*** Opening DATA FOR THIS TASK ***
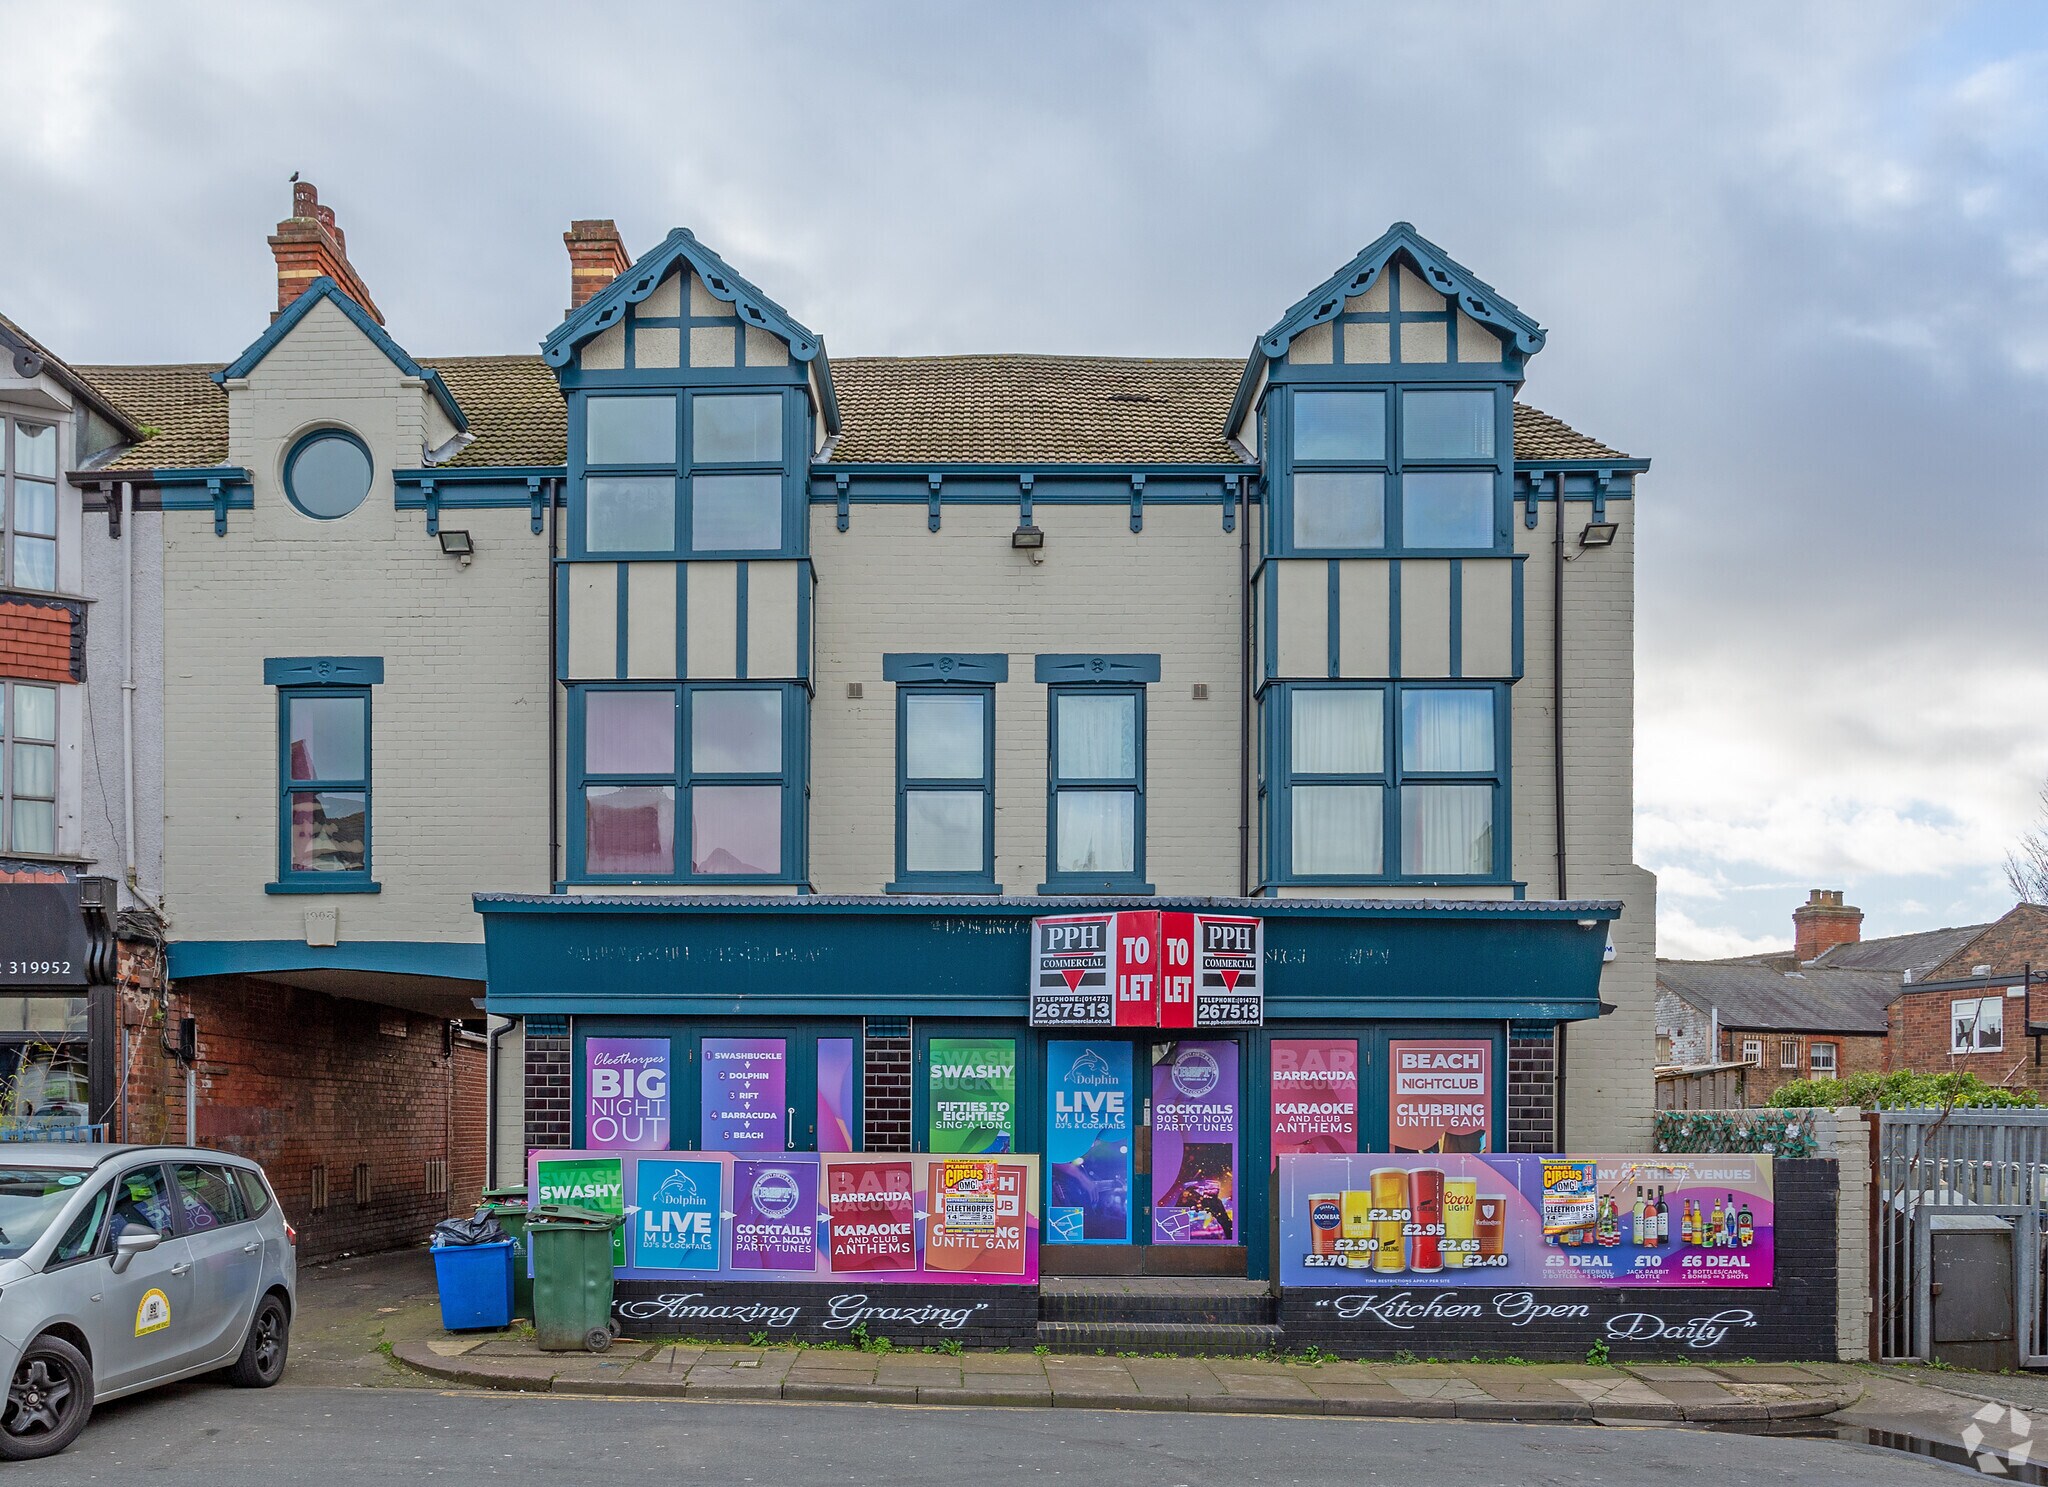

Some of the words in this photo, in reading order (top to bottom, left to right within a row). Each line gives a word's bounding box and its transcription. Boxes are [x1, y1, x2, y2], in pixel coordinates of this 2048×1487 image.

[1047, 925, 1100, 950] PPH
[1208, 925, 1252, 950] PPH
[1122, 936, 1150, 965] TO
[1166, 937, 1189, 966] TO
[9, 961, 70, 974] 319952
[1043, 958, 1104, 969] COMMERCIAL
[1204, 958, 1254, 969] COMMERCIAL
[1119, 974, 1153, 1002] LET
[1164, 975, 1192, 1003] LET
[1035, 1003, 1110, 1018] 267513
[1199, 1004, 1259, 1019] 267513
[594, 1052, 666, 1069] Cleethorpes
[714, 1052, 783, 1060] SWASHBUCKLE
[1402, 1053, 1479, 1069] BEACH
[931, 1065, 1014, 1078] SWASHY
[1273, 1071, 1356, 1081] BARRACUDA
[592, 1068, 667, 1099] BIG
[1077, 1074, 1119, 1087] Dolphin
[1402, 1078, 1479, 1089] NIGHTCLUB
[592, 1099, 666, 1116] NIGHT
[937, 1101, 987, 1112] FIFTIES
[990, 1101, 1010, 1112] TO
[1056, 1091, 1125, 1113] LIVE
[1156, 1104, 1233, 1115] COCKTAILS
[1275, 1103, 1354, 1115] KARAOKE
[1396, 1103, 1485, 1116] CLUBBING
[943, 1111, 1005, 1121] EIGHTIES
[1056, 1112, 1125, 1124] MUSIC
[1156, 1115, 1179, 1123] 90S
[1184, 1115, 1199, 1123] TO
[1203, 1115, 1233, 1123] NOW
[1288, 1115, 1311, 1123] AND
[1313, 1115, 1341, 1123] CLUB
[1396, 1116, 1445, 1127] UNTIL
[1450, 1116, 1485, 1127] 6AM
[592, 1116, 666, 1142] OUT
[935, 1121, 1011, 1130] SING-A-LONG
[1156, 1123, 1191, 1132] PARTY
[1196, 1123, 1233, 1132] TUNES
[1275, 1122, 1353, 1133] ANTHEMS
[945, 1169, 984, 1188] CIRCUS
[1543, 1170, 1582, 1188] CIRCUS
[1645, 1169, 1690, 1180] THESE
[1694, 1169, 1751, 1180] VENUES
[540, 1183, 621, 1200] SWASHY
[959, 1180, 979, 1190] OMG!
[1557, 1180, 1578, 1191] OMG!
[665, 1194, 706, 1207] Dolphin
[830, 1191, 912, 1203] BARRACUDA
[1443, 1191, 1474, 1205] Coors
[946, 1204, 994, 1212] CLEETHORPES
[1368, 1208, 1412, 1221] £2.50
[1447, 1204, 1470, 1212] LIGHT
[1545, 1203, 1595, 1213] CLEETHORPES
[644, 1210, 712, 1234] LIVE
[736, 1223, 812, 1236] COCKTAILS
[833, 1223, 911, 1237] KARAOKE
[1402, 1223, 1446, 1236] £2.95
[644, 1231, 711, 1245] MUSIC
[736, 1234, 758, 1243] 90S
[762, 1235, 778, 1244] TO
[782, 1236, 812, 1245] NOW
[847, 1236, 869, 1244] AND
[872, 1235, 899, 1243] CLUB
[931, 1236, 980, 1249] UNTIL
[985, 1238, 1020, 1250] 6AM
[1334, 1238, 1379, 1251] £2.90
[669, 1242, 712, 1250] COCKTAILS
[736, 1243, 772, 1252] PARTY
[775, 1244, 812, 1253] TUNES
[834, 1242, 911, 1255] ANTHEMS
[1437, 1239, 1481, 1252] £2.65
[1304, 1254, 1348, 1267] £2.70
[1462, 1254, 1508, 1267] £2.40
[1545, 1254, 1565, 1267] £5
[1569, 1255, 1613, 1267] DEAL
[1634, 1254, 1662, 1267] £10
[1681, 1255, 1702, 1267] £6
[1706, 1255, 1750, 1267] DEAL
[1492, 1291, 1590, 1327] Open
*** Closing DATA FOR THIS TASK ***
TO DO:
Whatever pictures the entries contain, omit them, and write the rest out exactly.

ANSWER BELOW:
Some of the words in this photo, in reading order (top to bottom, left to right within a row). Each line gives a word's bounding box and its transcription. Boxes are [x1, y1, x2, y2], in pixel coordinates of this 2048×1487 image.

[1047, 925, 1100, 950] PPH
[1208, 925, 1252, 950] PPH
[1122, 936, 1150, 965] TO
[1166, 937, 1189, 966] TO
[9, 961, 70, 974] 319952
[1043, 958, 1104, 969] COMMERCIAL
[1204, 958, 1254, 969] COMMERCIAL
[1119, 974, 1153, 1002] LET
[1164, 975, 1192, 1003] LET
[1035, 1003, 1110, 1018] 267513
[1199, 1004, 1259, 1019] 267513
[594, 1052, 666, 1069] Cleethorpes
[714, 1052, 783, 1060] SWASHBUCKLE
[1402, 1053, 1479, 1069] BEACH
[931, 1065, 1014, 1078] SWASHY
[1273, 1071, 1356, 1081] BARRACUDA
[592, 1068, 667, 1099] BIG
[1077, 1074, 1119, 1087] Dolphin
[1402, 1078, 1479, 1089] NIGHTCLUB
[592, 1099, 666, 1116] NIGHT
[937, 1101, 987, 1112] FIFTIES
[990, 1101, 1010, 1112] TO
[1056, 1091, 1125, 1113] LIVE
[1156, 1104, 1233, 1115] COCKTAILS
[1275, 1103, 1354, 1115] KARAOKE
[1396, 1103, 1485, 1116] CLUBBING
[943, 1111, 1005, 1121] EIGHTIES
[1056, 1112, 1125, 1124] MUSIC
[1156, 1115, 1179, 1123] 90S
[1184, 1115, 1199, 1123] TO
[1203, 1115, 1233, 1123] NOW
[1288, 1115, 1311, 1123] AND
[1313, 1115, 1341, 1123] CLUB
[1396, 1116, 1445, 1127] UNTIL
[1450, 1116, 1485, 1127] 6AM
[592, 1116, 666, 1142] OUT
[935, 1121, 1011, 1130] SING-A-LONG
[1156, 1123, 1191, 1132] PARTY
[1196, 1123, 1233, 1132] TUNES
[1275, 1122, 1353, 1133] ANTHEMS
[945, 1169, 984, 1188] CIRCUS
[1543, 1170, 1582, 1188] CIRCUS
[1645, 1169, 1690, 1180] THESE
[1694, 1169, 1751, 1180] VENUES
[540, 1183, 621, 1200] SWASHY
[959, 1180, 979, 1190] OMG!
[1557, 1180, 1578, 1191] OMG!
[665, 1194, 706, 1207] Dolphin
[830, 1191, 912, 1203] BARRACUDA
[1443, 1191, 1474, 1205] Coors
[946, 1204, 994, 1212] CLEETHORPES
[1368, 1208, 1412, 1221] £2.50
[1447, 1204, 1470, 1212] LIGHT
[1545, 1203, 1595, 1213] CLEETHORPES
[644, 1210, 712, 1234] LIVE
[736, 1223, 812, 1236] COCKTAILS
[833, 1223, 911, 1237] KARAOKE
[1402, 1223, 1446, 1236] £2.95
[644, 1231, 711, 1245] MUSIC
[736, 1234, 758, 1243] 90S
[762, 1235, 778, 1244] TO
[782, 1236, 812, 1245] NOW
[847, 1236, 869, 1244] AND
[872, 1235, 899, 1243] CLUB
[931, 1236, 980, 1249] UNTIL
[985, 1238, 1020, 1250] 6AM
[1334, 1238, 1379, 1251] £2.90
[669, 1242, 712, 1250] COCKTAILS
[736, 1243, 772, 1252] PARTY
[775, 1244, 812, 1253] TUNES
[834, 1242, 911, 1255] ANTHEMS
[1437, 1239, 1481, 1252] £2.65
[1304, 1254, 1348, 1267] £2.70
[1462, 1254, 1508, 1267] £2.40
[1545, 1254, 1565, 1267] £5
[1569, 1255, 1613, 1267] DEAL
[1634, 1254, 1662, 1267] £10
[1681, 1255, 1702, 1267] £6
[1706, 1255, 1750, 1267] DEAL
[1492, 1291, 1590, 1327] Open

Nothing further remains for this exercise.